The intermediaries who could make some sort of connection with the ineffable Creator were the most important figures in Jewish culture. The Old Testament prophets were presumed to hear the words of Gods and see the visions He offered; therein lay their prestige. The symbol of the High Priest's supreme authority was the ceremony on the Day of Atonement, when he was permitted to enter the sanctum sanctorum of the Jerusalem Temple, the empty room inhabited by the invisible presence of God, and directly offer sacrifice on behalf of the entire nation. But while the High Priest addressed God, we are never told that he presumed to hear Him. And certainly the High Priest could never claim to actually have seen the Lord of the Universe.
Yet at the time of Jesus, there seems to have been a popular legend that one Jew had seen God: Moses, to whom God had personally delivered the law. That legend can be found in a pseudepigraphal Jewish hymn of the period, written in Greek and called "Orphica" because it was attributed to Orpheus, the first man to enter Hades and return.

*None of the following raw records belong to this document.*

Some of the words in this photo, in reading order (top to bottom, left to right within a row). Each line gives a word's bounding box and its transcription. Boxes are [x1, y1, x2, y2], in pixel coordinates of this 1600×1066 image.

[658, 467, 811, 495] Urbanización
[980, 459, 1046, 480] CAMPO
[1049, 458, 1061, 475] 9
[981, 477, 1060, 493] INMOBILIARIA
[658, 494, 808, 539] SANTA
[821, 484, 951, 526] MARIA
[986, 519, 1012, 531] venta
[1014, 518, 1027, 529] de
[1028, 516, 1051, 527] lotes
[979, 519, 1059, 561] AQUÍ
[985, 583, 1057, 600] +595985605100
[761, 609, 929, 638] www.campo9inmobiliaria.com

The hymn is addressed to Orpheus' son Musaeus, and contains esoteric knowledge regarding the Hebrew God (here we see the practice, common at Jesus' time, of recasting Greek myth in terms of Jewish theology). Orpheus, who in the hymn is clearly cast as a scribal mystic, says, "My son, I will point out to you, whenever I notice his footsteps/ And the strong hand of the mighty God./ But I do not see him, because around [him] a cloud is set up,/ A thin one for me, but tenfold for all other people.... And no one has seen the ruler of mortal men,/ Except a certain unique man.... Yes he after this is established in the great heaven/ On a golden throne... He is entirely heavenly, and brings everything to completion on earth.../ Being.../ The one who received... the twin tablets of the law."

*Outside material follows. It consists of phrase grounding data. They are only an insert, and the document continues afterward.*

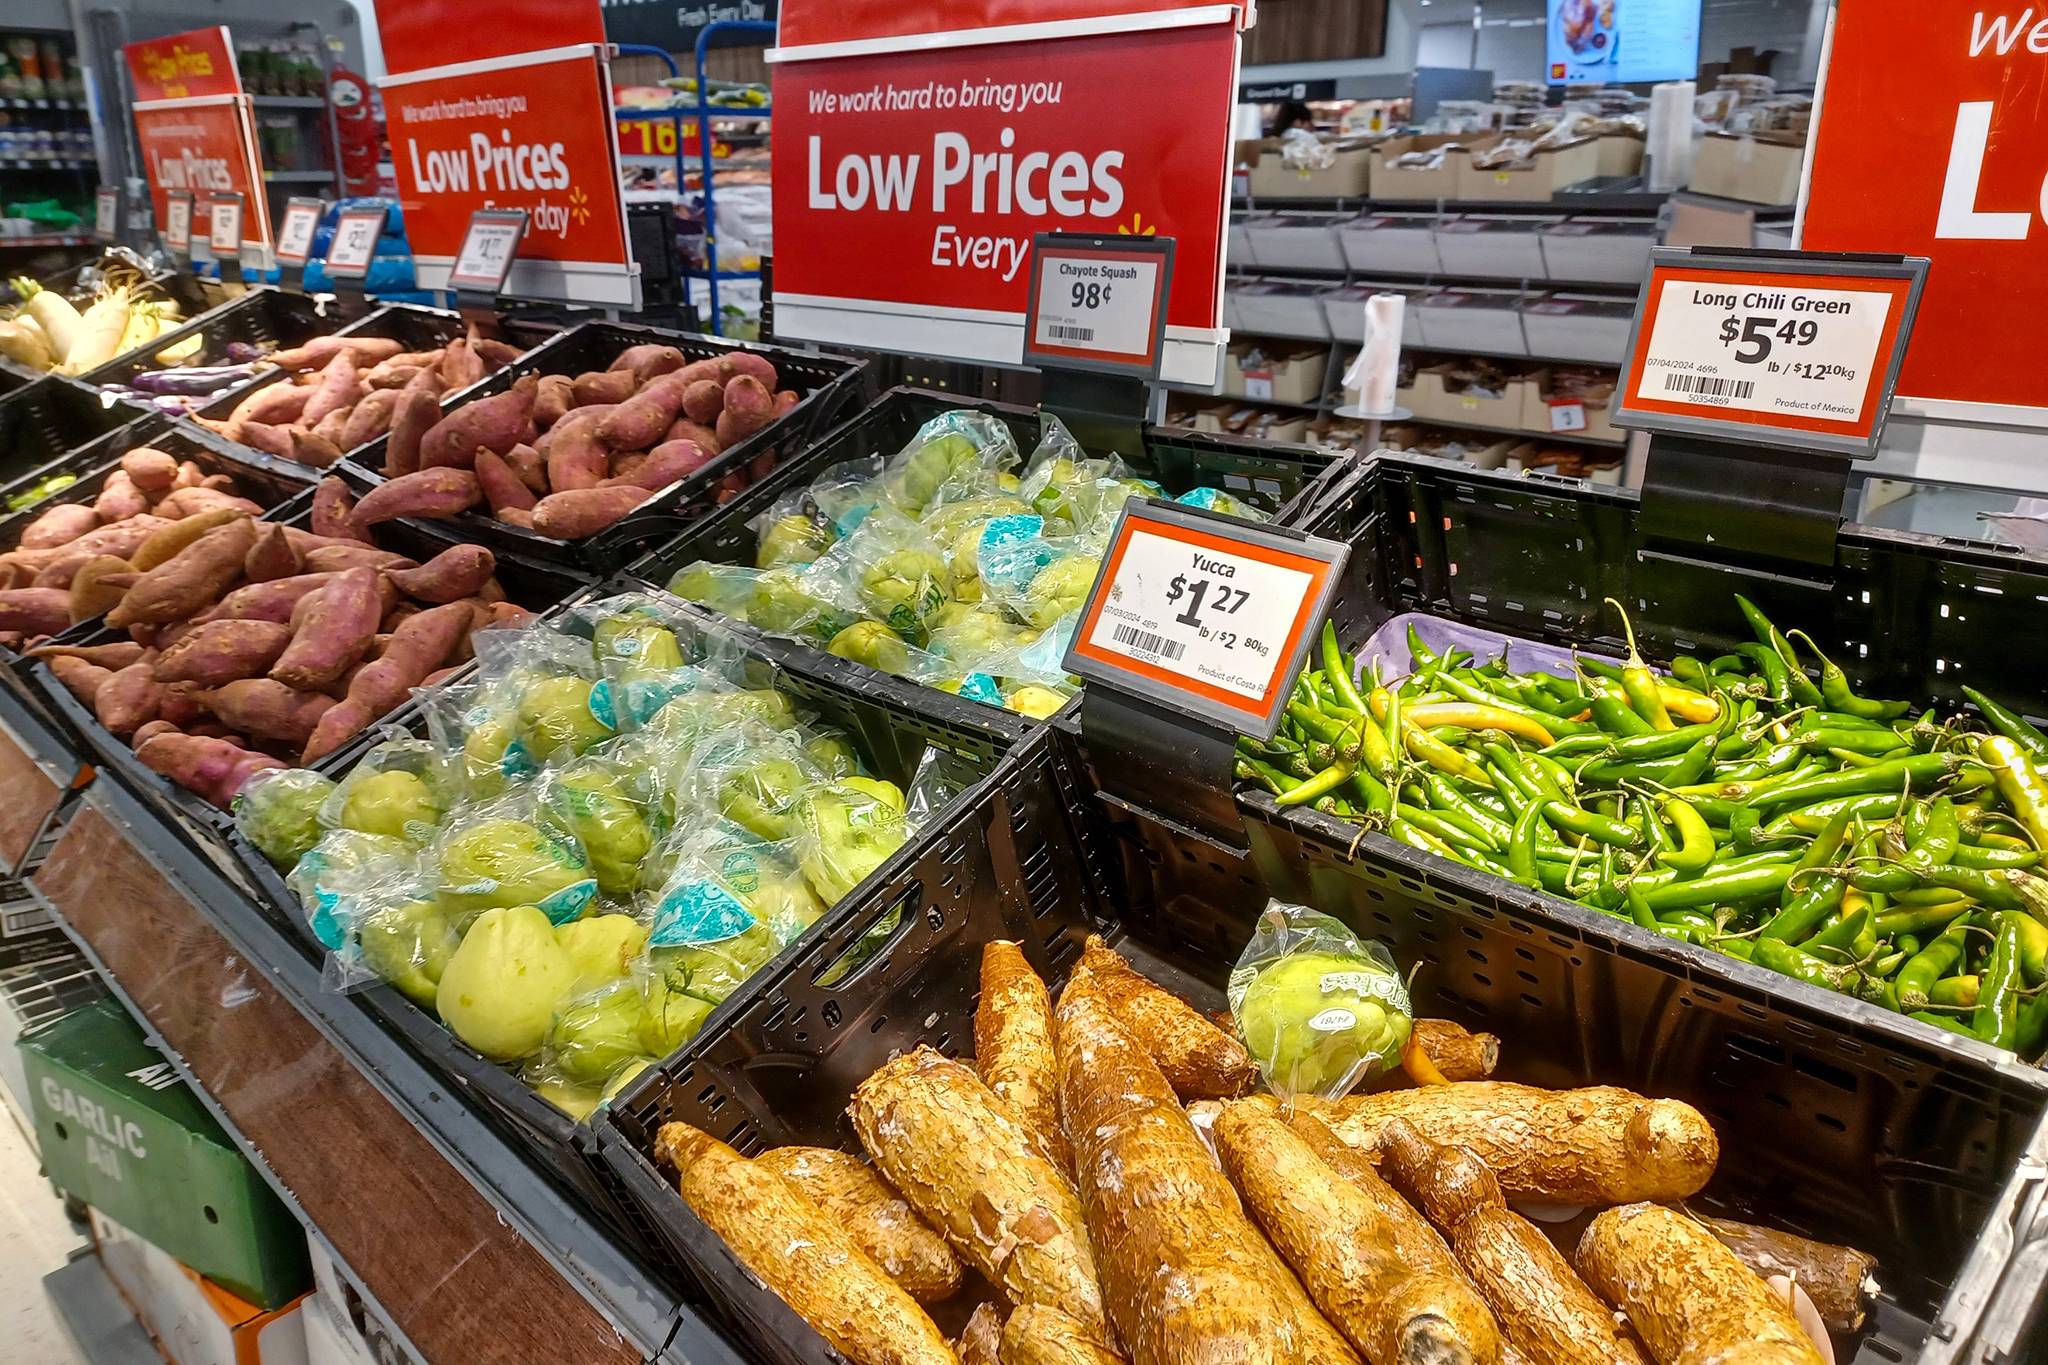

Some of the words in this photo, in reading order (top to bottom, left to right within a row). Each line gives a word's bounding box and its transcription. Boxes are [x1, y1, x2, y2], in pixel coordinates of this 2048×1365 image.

[504, 96, 527, 119] you
[808, 90, 836, 113] We
[839, 89, 883, 112] work
[885, 81, 933, 111] hard
[935, 85, 956, 109] to
[959, 77, 1015, 112] bring
[1016, 80, 1062, 112] you
[408, 138, 469, 193] Low
[470, 128, 570, 191] Prices
[808, 135, 920, 211] Low
[932, 127, 1125, 217] Prices
[534, 198, 569, 239] day
[931, 225, 1029, 282] Every
[1060, 263, 1098, 278] Chayote
[1100, 266, 1137, 280] Squash
[1071, 281, 1112, 309] 98¢
[1692, 290, 1737, 310] Long
[1742, 292, 1786, 311] Chili
[1791, 296, 1851, 315] Green
[1647, 357, 1695, 370] 07/04/2024
[1696, 364, 1718, 375] 4696
[1767, 361, 1780, 374] lb
[1688, 393, 1730, 406] 50354869
[1775, 397, 1809, 411] Product
[1811, 400, 1822, 411] of
[1822, 402, 1855, 415] Mexico
[1192, 553, 1236, 579] Yucca
[1199, 625, 1210, 639] lb
[1198, 664, 1226, 681] Product
[1226, 670, 1236, 683] of
[1235, 676, 1256, 691] Costa
[40, 1076, 146, 1159] GARLIC
[86, 1136, 122, 1182] Ail

Here is a Moses who alone has seen "the ruler of mortal men," a vision denied even Orpheus, himself a legendary magical adept with ten times the mystical acuity of any other man. And Moses' vision, not his status as the law-giver, is the source of his authority and uniqueness. Moses sits on a heavenly throne, just like the risen Christ; he is the heavenly being who brings all things to completion on earth, just as the risen Christ could declare, "All power is given unto me in heaven and in earth" (Mt 28.18). The Orphic Moses is, in short, the paradigm of the risen Christ.

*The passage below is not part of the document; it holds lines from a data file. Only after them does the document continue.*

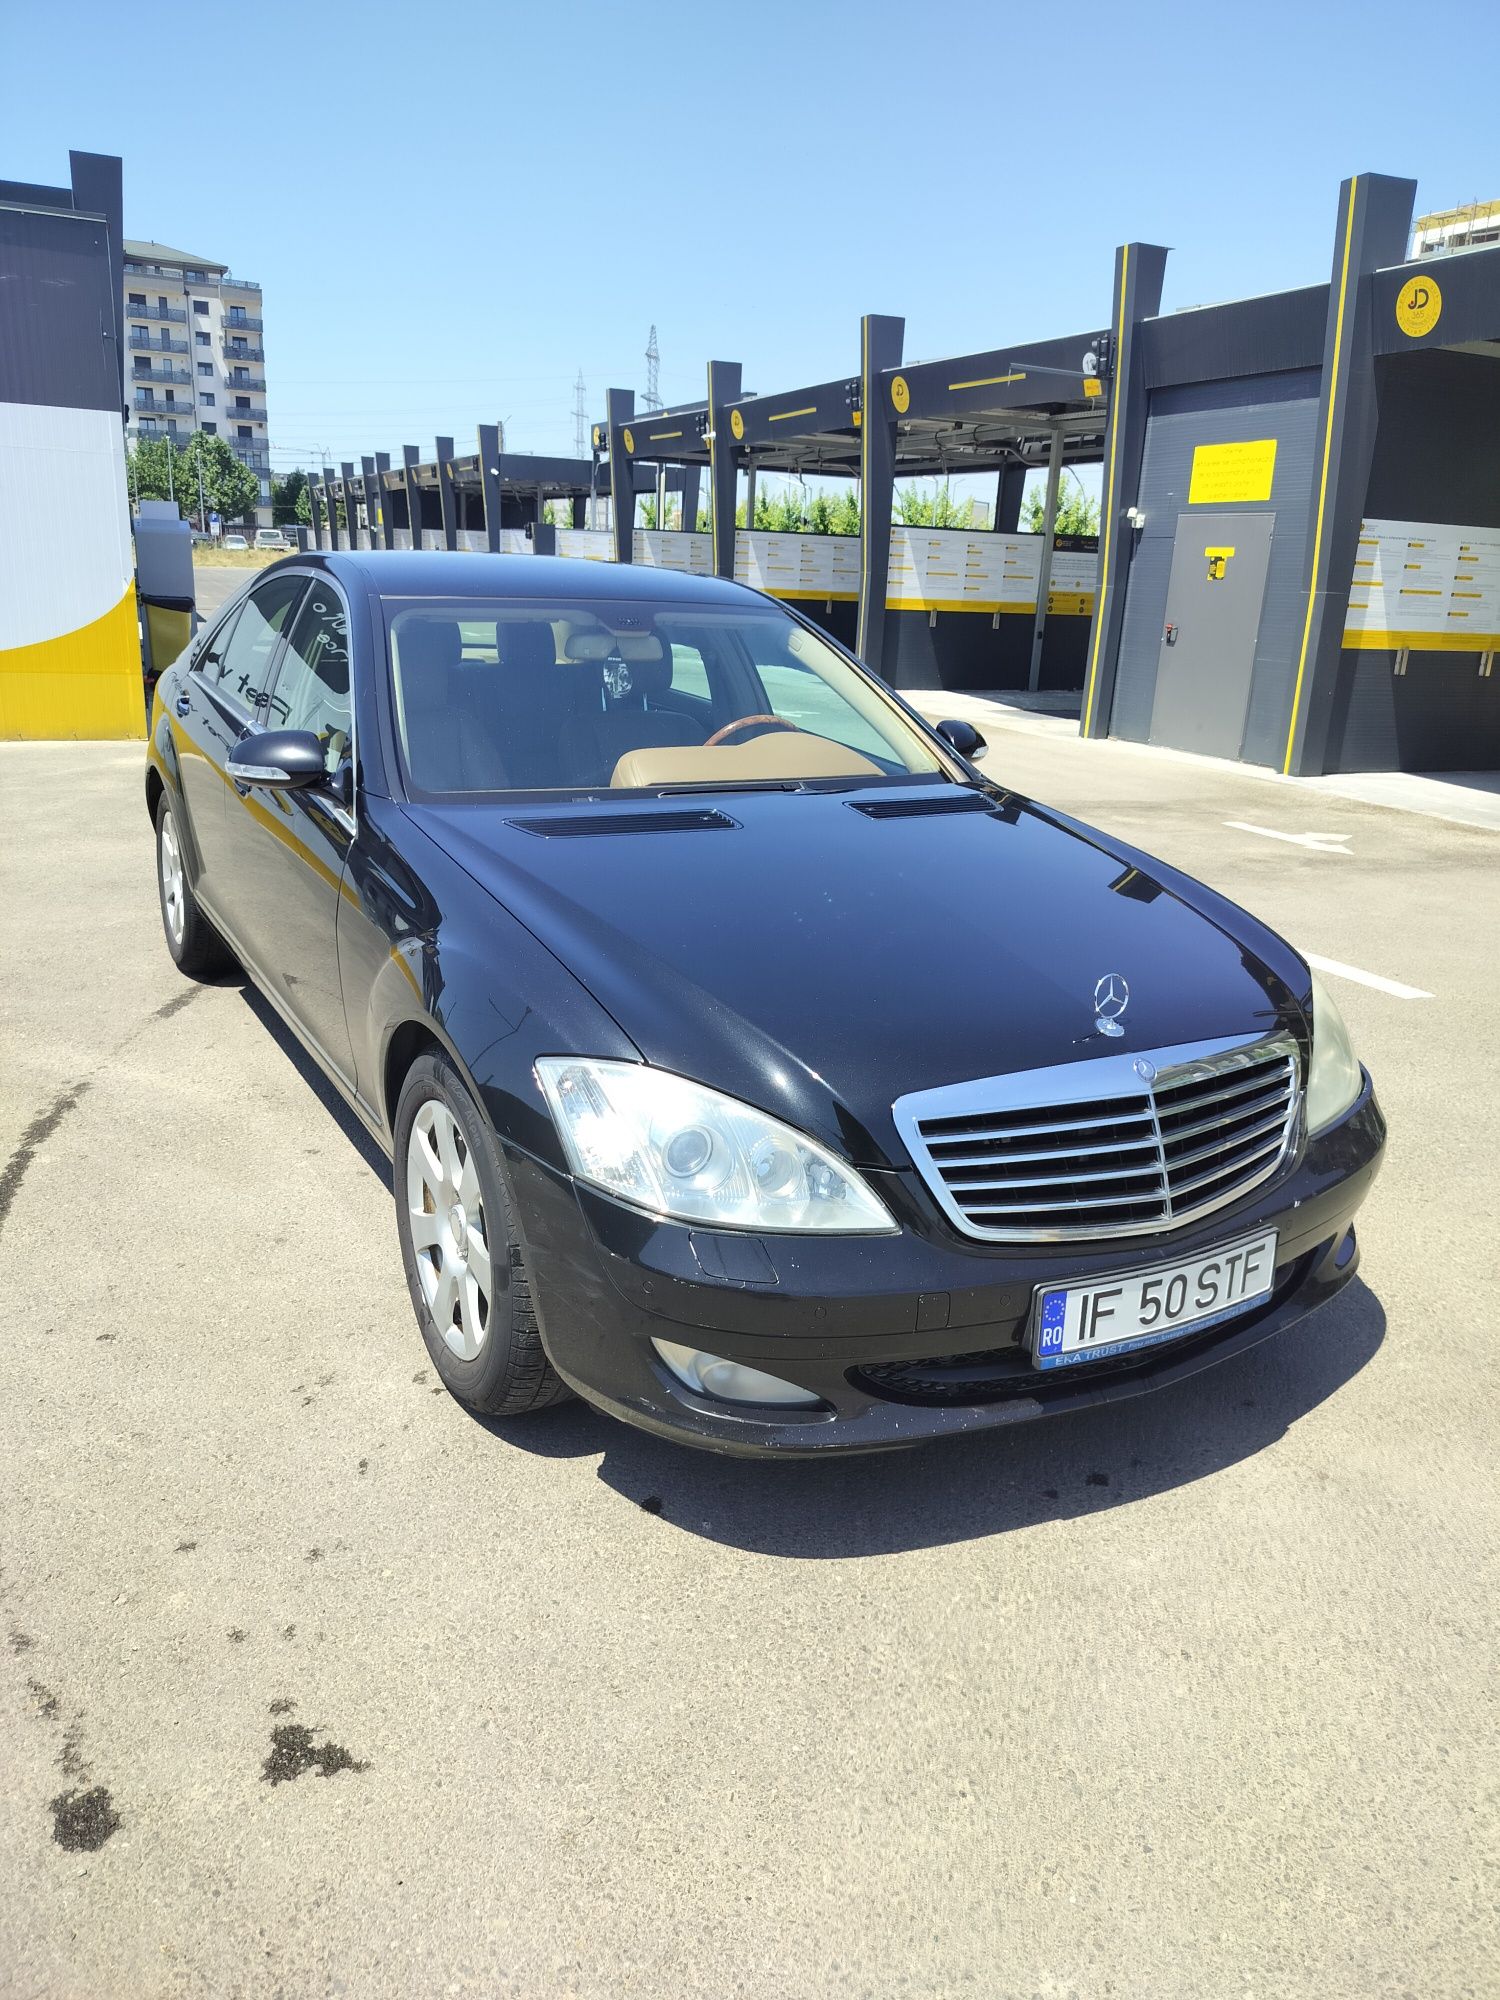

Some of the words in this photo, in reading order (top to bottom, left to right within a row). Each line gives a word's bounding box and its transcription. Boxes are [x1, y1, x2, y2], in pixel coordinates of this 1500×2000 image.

[1078, 1288, 1123, 1341] IF
[1138, 1274, 1188, 1326] 50
[1195, 1243, 1266, 1309] STF
[1042, 1326, 1063, 1348] RO
[1055, 1353, 1081, 1366] EKA
[1086, 1344, 1126, 1360] TRUST

We can only speculate by what means Jesus might have convinced his followers that he, like Moses, had seen the face of God. Doubtless Jesus' return from certain death added to the credibility of whatever vision he shared with his inner circle. But perhaps it was ultimately a case of Jesus finally persuading himself of his cosmic purpose, and with that new fervor convincing his own disciples. We can imagine a man of no distinction until his mid-thirties, just a few years from what his culture considered old age, still overshadowed by his spiritual mentor, John the Baptist, perhaps believing as he was led to his death that he had utterly failed in his mission to proclaim the imminence of God's empire. Whatever his clinical status on the cross, it is likely that Jesus believed he had died and had been restored to life. In that experience -- as is the case with so many modern near-death encounters -- Jesus may have achieved an understanding of God and His purpose far more profound than anything he had imagined in all of his previous ascents into heaven.
Jesus could not have survived long after his descent from the cross; the gospels describe a very brief period, forty days at the most (Acts 1.3). If he did not succumb within days to the lingering physical effects of the crucifixion, blood poisoning or infection of his wounds would almost certainly have caused his death within weeks. During that time, the wealthy supporters who had purchased Jesus' body, fearful of the Roman authorities, might have furtively moved Jesus among their country villas and estates; at the same time, Jesus probably summoned to his side the disciples who had deserted him in Hinnom. And in those few days or weeks, a dying fugitive, proclaiming his ecstatic vision of God, converted his feckless disciples into the architects of an enduring faith.